I should not have been surprised to learn that Ian Fleming’s Bond series of novels was inspired by Dennis Wheatley’s earlier success with the Duke de Richlieu and his intrepid team of adventurers. The Forbidden Territory came out in 1933, featuring the Duke and Simon Aaron on a perilous journey into Soviet Russia to rescue their friend Rex van Ryn. While the next turn, The Devil Rides Out, turned to the supernatural, Wheatley wrote other espionage adventures and they were popular. A list of all his novels gives you an idea of where his imagination roamed.

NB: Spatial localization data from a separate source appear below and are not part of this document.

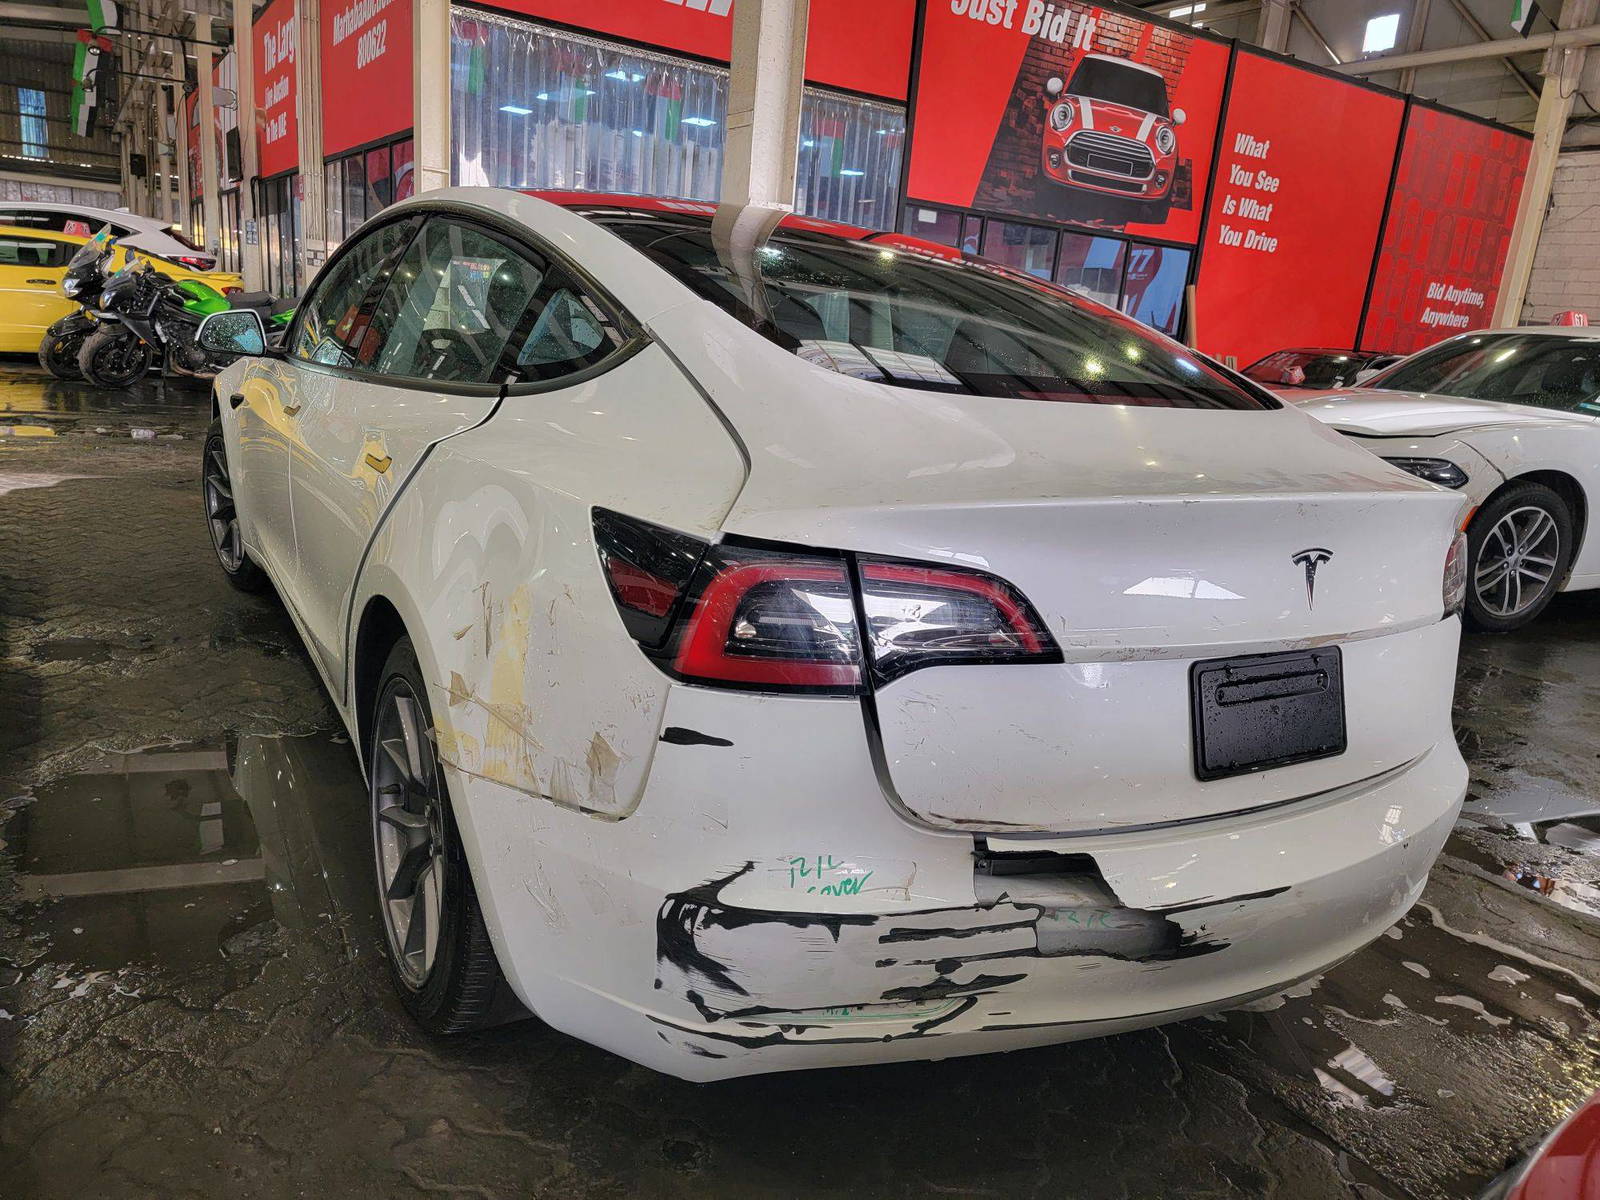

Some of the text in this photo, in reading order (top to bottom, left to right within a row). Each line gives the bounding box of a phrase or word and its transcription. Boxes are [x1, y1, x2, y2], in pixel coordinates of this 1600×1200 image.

[1021, 0, 1072, 43] Bid
[1072, 14, 1097, 51] It
[264, 31, 276, 75] The
[357, 18, 387, 70] 800622
[1234, 132, 1270, 160] What
[1229, 163, 1280, 193] You See
[1222, 195, 1273, 222] Is What
[1219, 224, 1278, 253] You Drive
[1426, 281, 1485, 309] Bid Anytime,
[1420, 307, 1470, 329] Anywhere

Ballantine Books’ 1971 edition of Wheatley’s famous novel |
But by the time Fleming came along with Bond, I imagine readers were ready for more sex and violence, but what amuses me is the similarity in their writing styles and their sensibilities.

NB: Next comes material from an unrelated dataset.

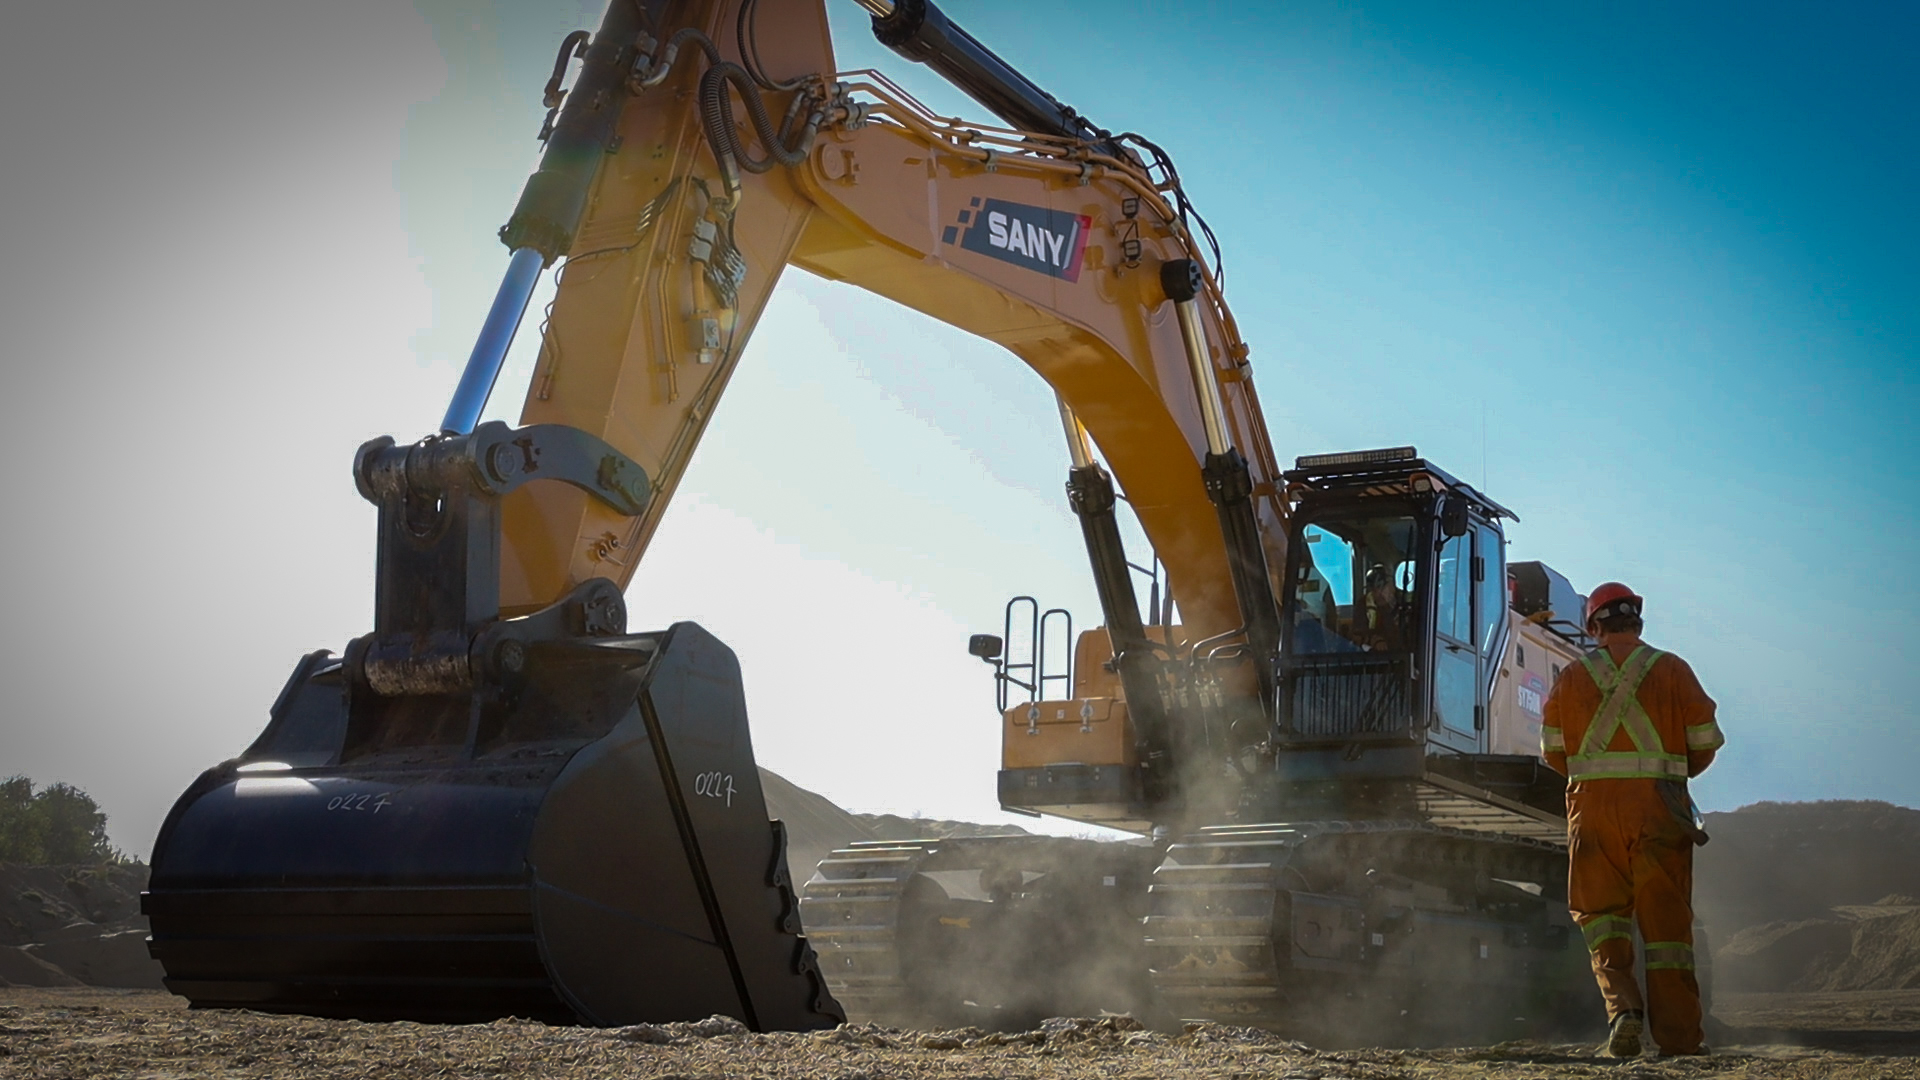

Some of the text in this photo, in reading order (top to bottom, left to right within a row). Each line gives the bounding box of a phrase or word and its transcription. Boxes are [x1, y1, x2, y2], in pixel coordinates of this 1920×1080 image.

[988, 210, 1065, 267] SANY
[327, 792, 392, 814] 0227
[695, 771, 738, 808] 0227

1959 edition of Ian Fleming’s James Bond novel |
The casual, upper middle class racism stands out. Also the casual drinking. In Devil Rides Out, for example, Rex makes more than a few mid-day cocktails for Tanith and himself during a stopover at the Duke’s ‘cottage’ on their trek across the English countryside. No worries about drunk driving in those days, apparently.
Interesting that, although he blazed the trail in a sense, Wheatley saw none of the success of his books translated into film the way Fleming did with Bond, even though he outlived Fleming. The Devil Rides Out remains the most famous of the four films based on his books–and in spite of its still impressive production design, as Christopher Lee often lamented, from the get-go the film suffered from unforgivably low-budget visual effects.